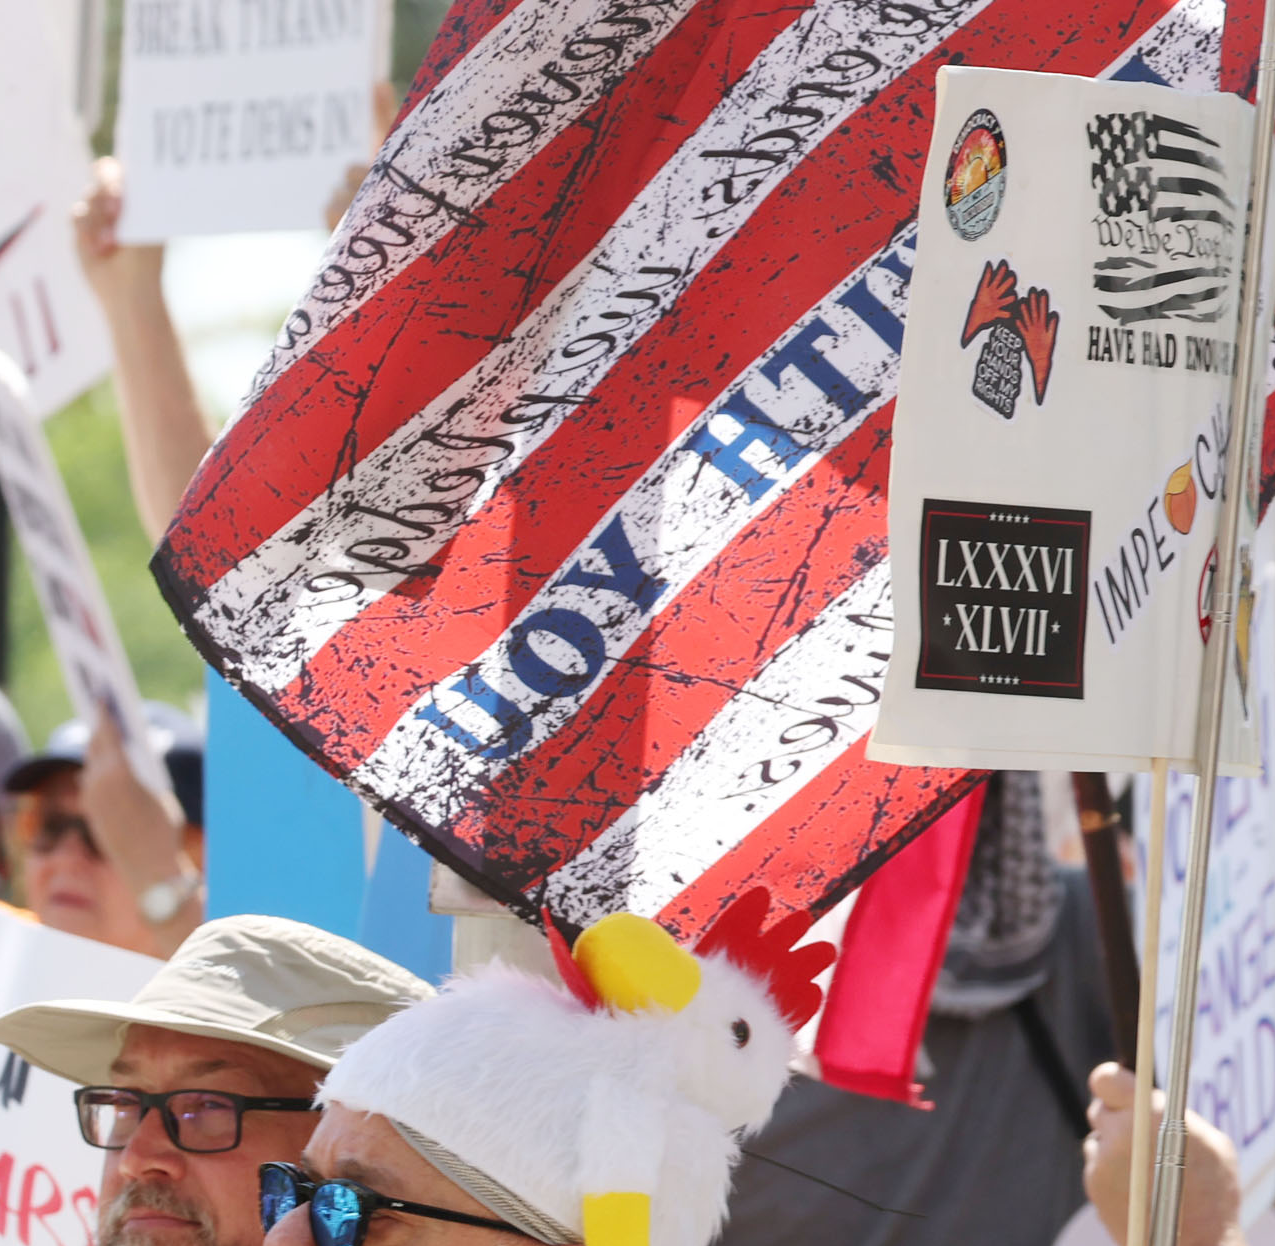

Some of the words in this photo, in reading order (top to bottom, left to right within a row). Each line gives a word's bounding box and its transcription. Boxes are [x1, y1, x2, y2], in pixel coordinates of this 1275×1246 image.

[990, 336, 1021, 369] YOUR
[994, 323, 1023, 350] KEEP
[1087, 325, 1135, 365] HAVE
[1142, 330, 1176, 369] HAD
[977, 363, 1000, 386] OFF
[999, 379, 1019, 399] MY
[981, 348, 1022, 385] HANDS
[975, 377, 1013, 413] RIGHTS
[935, 538, 1075, 597] LXXXVI
[954, 603, 1050, 657] XLVII
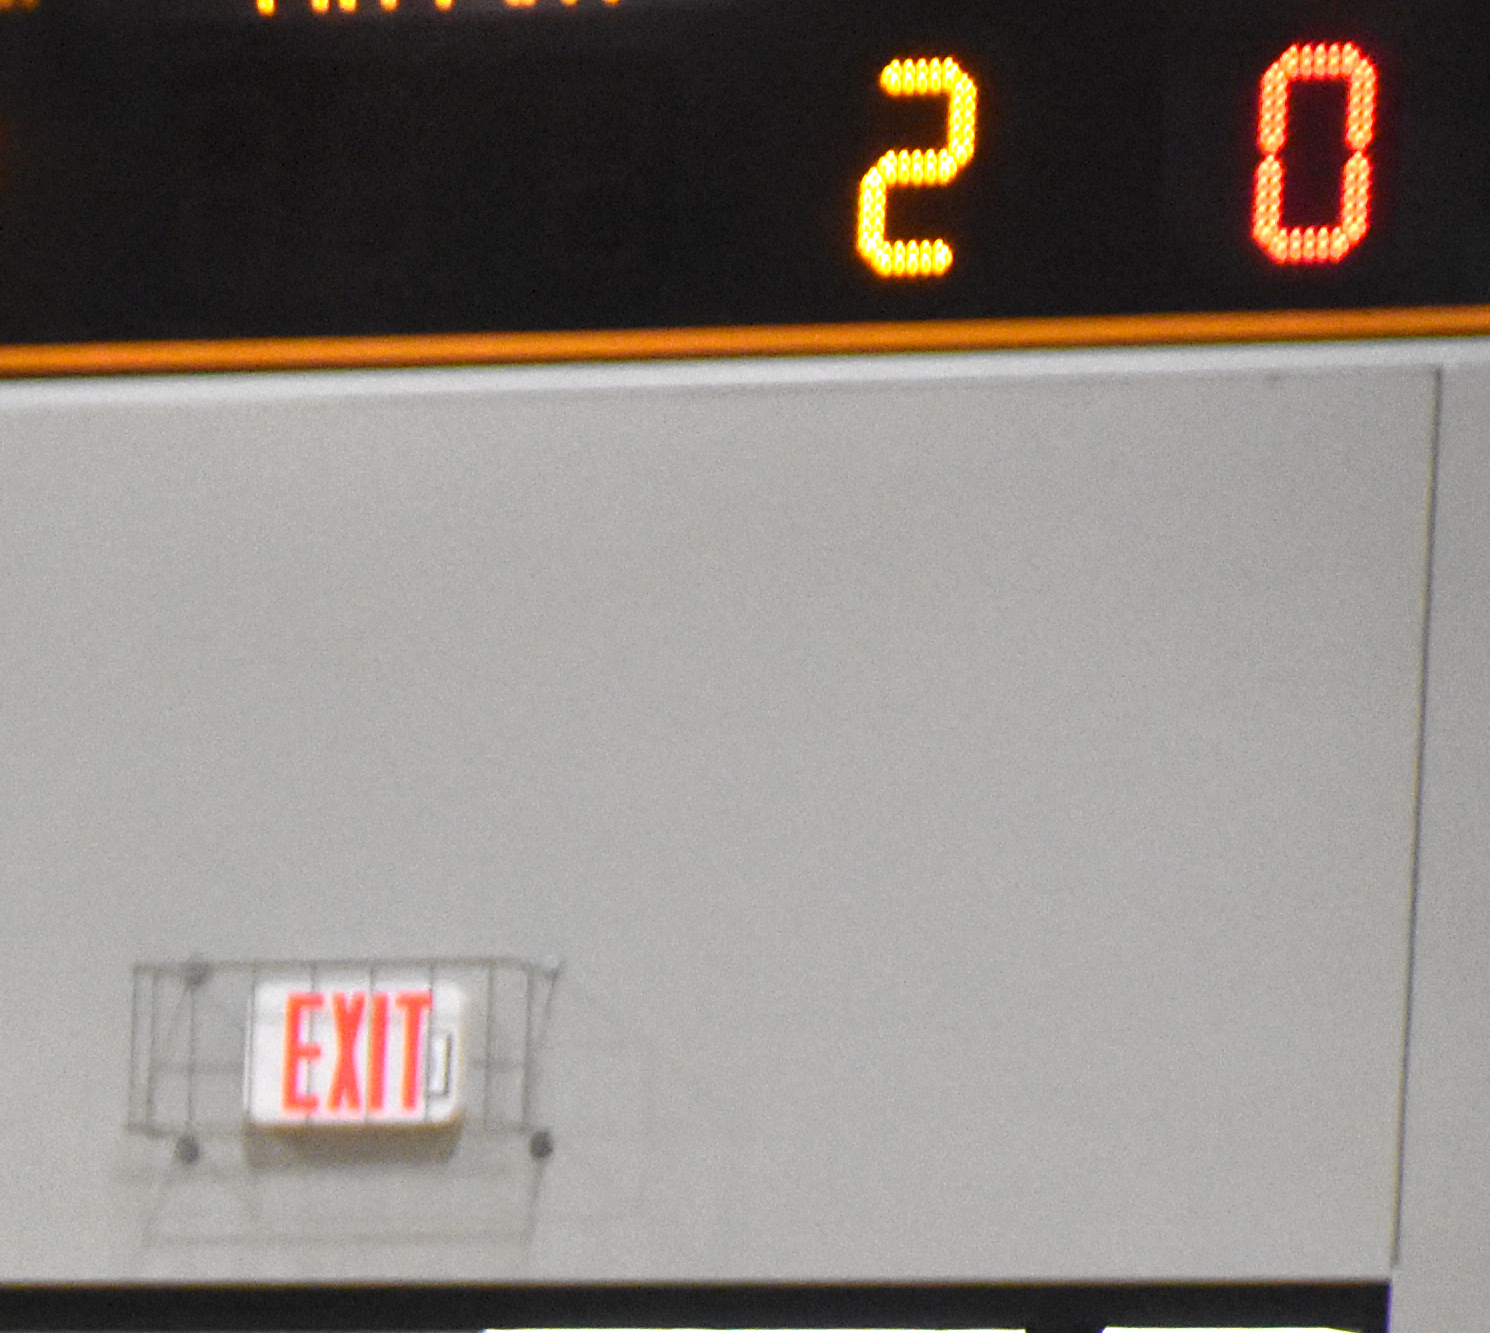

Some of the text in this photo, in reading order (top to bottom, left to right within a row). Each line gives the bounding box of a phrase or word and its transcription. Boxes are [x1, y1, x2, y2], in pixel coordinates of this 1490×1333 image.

[857, 56, 977, 278] 2
[1251, 41, 1377, 264] 0
[281, 989, 433, 1115] EXIT

**Work instruction:** For each record above, write it out exactly and omit any picture.

**Task output:**
Some of the words in this photo, in reading order (top to bottom, left to right within a row). Each line gives a word's bounding box and its transcription. Boxes are [x1, y1, x2, y2], in pixel coordinates of this 1275×1246 image.

[990, 336, 1021, 369] YOUR
[994, 323, 1023, 350] KEEP
[1087, 325, 1135, 365] HAVE
[1142, 330, 1176, 369] HAD
[977, 363, 1000, 386] OFF
[999, 379, 1019, 399] MY
[981, 348, 1022, 385] HANDS
[975, 377, 1013, 413] RIGHTS
[935, 538, 1075, 597] LXXXVI
[954, 603, 1050, 657] XLVII

Some of the text in this photo, in reading order (top to bottom, left to right within a row). Each line gives the bounding box of a phrase or word and its transcription. Boxes are [x1, y1, x2, y2], in pixel coordinates of this 1490×1333 image.

[857, 56, 977, 278] 2
[1251, 41, 1377, 264] 0
[281, 989, 433, 1115] EXIT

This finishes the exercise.